### EXERCISE DETAILS
Please retype the data in full and exactly; the pictures are not part of the copy.

[Images for object localization]
──────
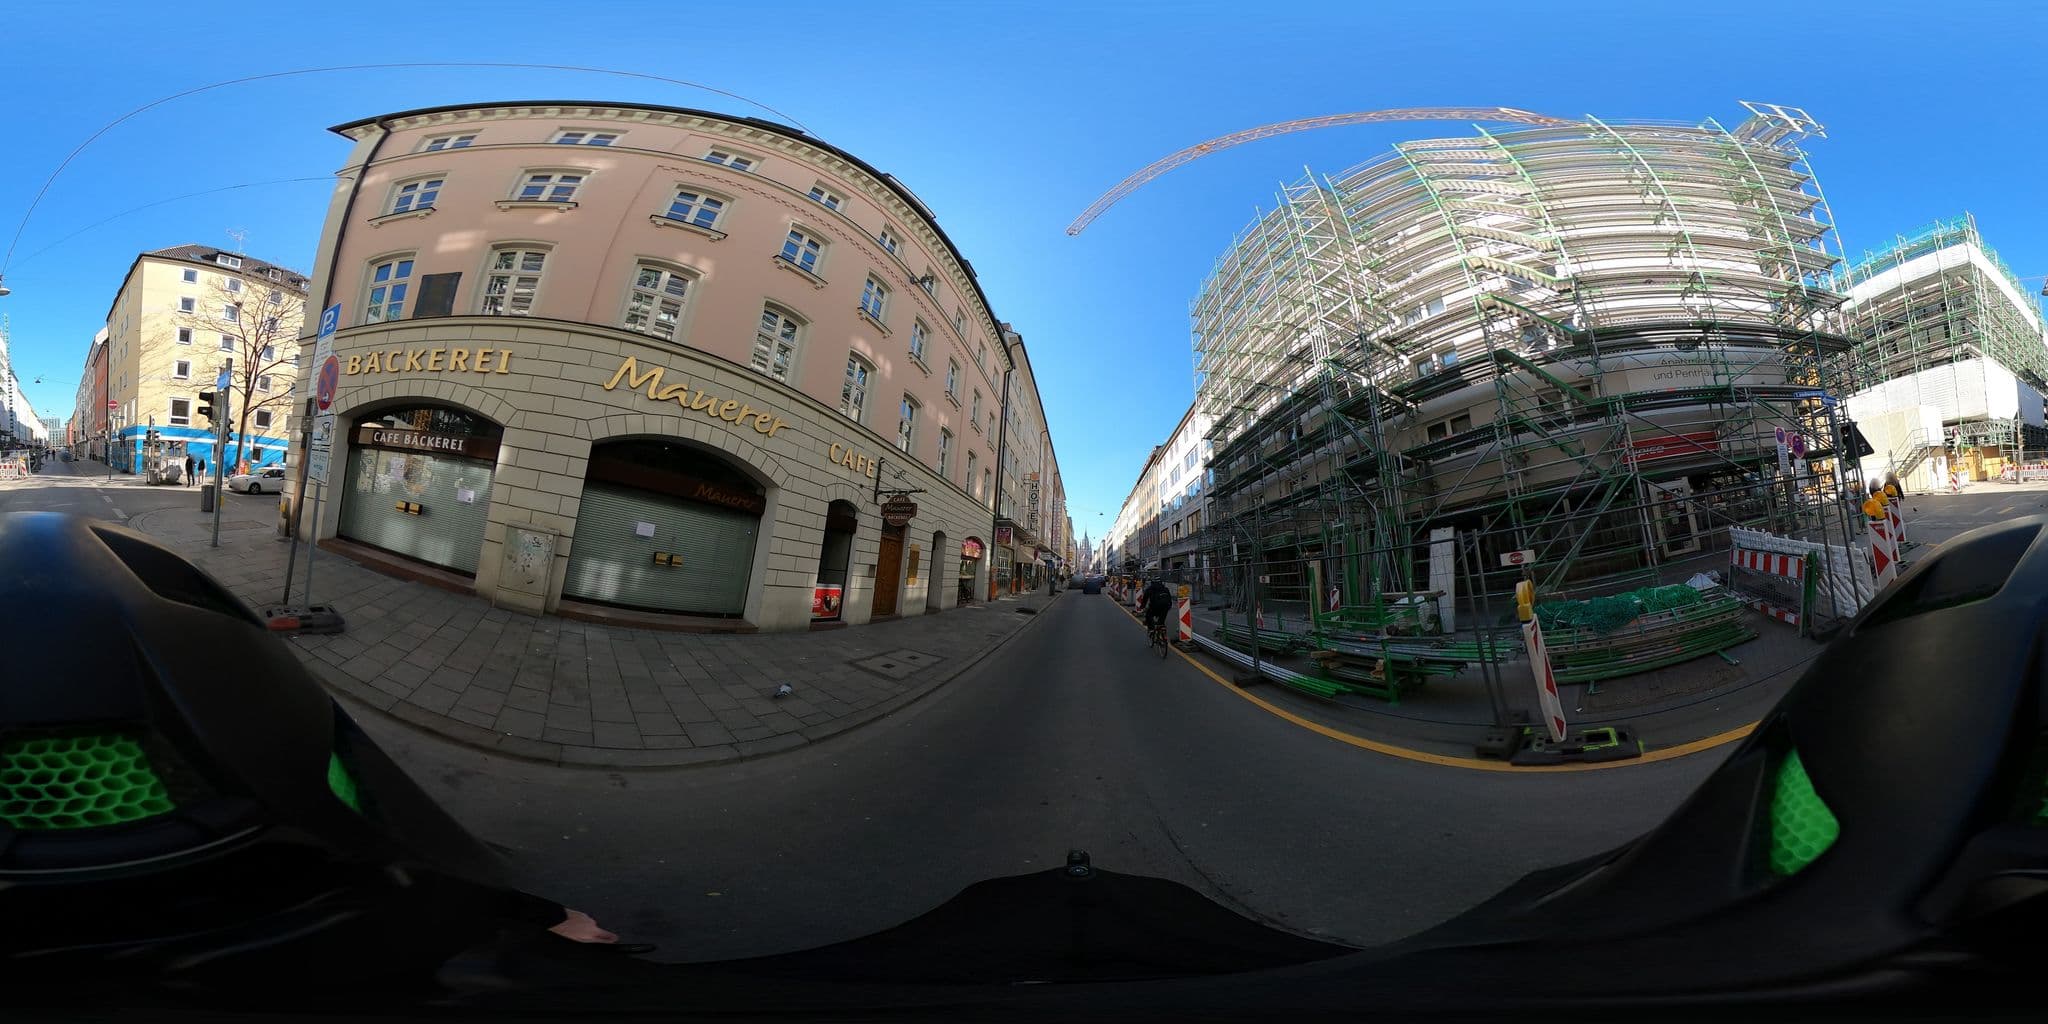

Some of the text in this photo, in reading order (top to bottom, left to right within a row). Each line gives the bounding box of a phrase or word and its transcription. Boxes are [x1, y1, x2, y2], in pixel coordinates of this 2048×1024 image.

[346, 347, 513, 375] BÄCKEREI
[603, 356, 792, 438] Mauerer
[374, 431, 464, 451] CAFE BÄCKEREI
[829, 443, 875, 479] CAFE
[1030, 482, 1038, 530] HOTEL
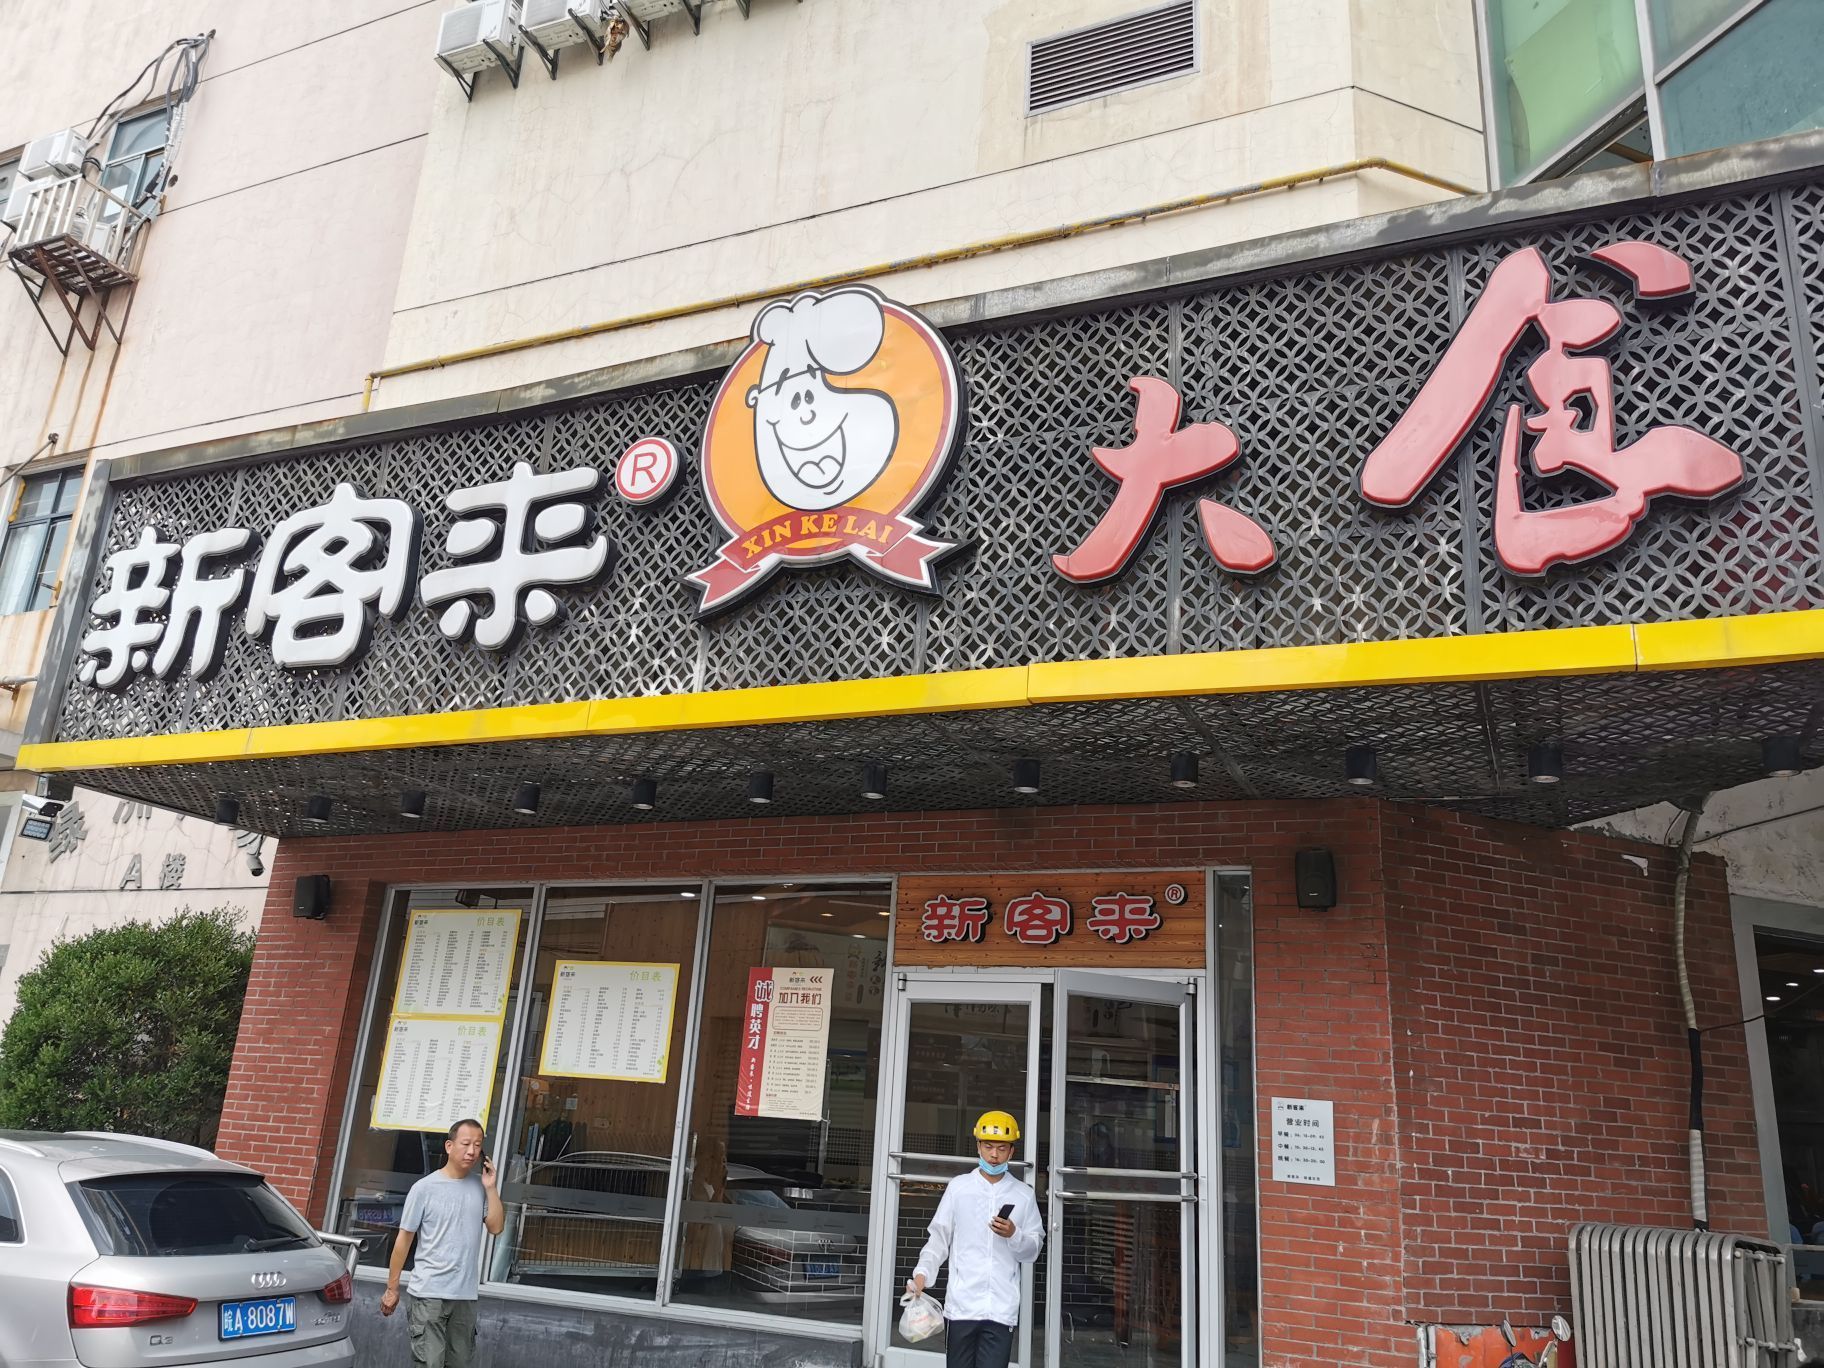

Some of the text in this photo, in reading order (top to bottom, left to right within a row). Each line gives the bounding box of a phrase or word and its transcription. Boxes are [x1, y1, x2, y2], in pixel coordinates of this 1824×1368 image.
──────
### WRITTEN SOLUTION
Some of the text in this photo, in reading order (top to bottom, left to right within a row). Each line gives the bounding box of a phrase or word and its transcription. Boxes are [x1, y1, x2, y2], in pixel coordinates of this 2048×1024 image.

[346, 347, 513, 375] BÄCKEREI
[603, 356, 792, 438] Mauerer
[374, 431, 464, 451] CAFE BÄCKEREI
[829, 443, 875, 479] CAFE
[1030, 482, 1038, 530] HOTEL

Some of the text in this photo, in reading order (top to bottom, left to right within a row). Each line gives the bounding box of a phrase or word and its transcription. Boxes are [x1, y1, x2, y2], in pixel coordinates of this 1824×1368 image.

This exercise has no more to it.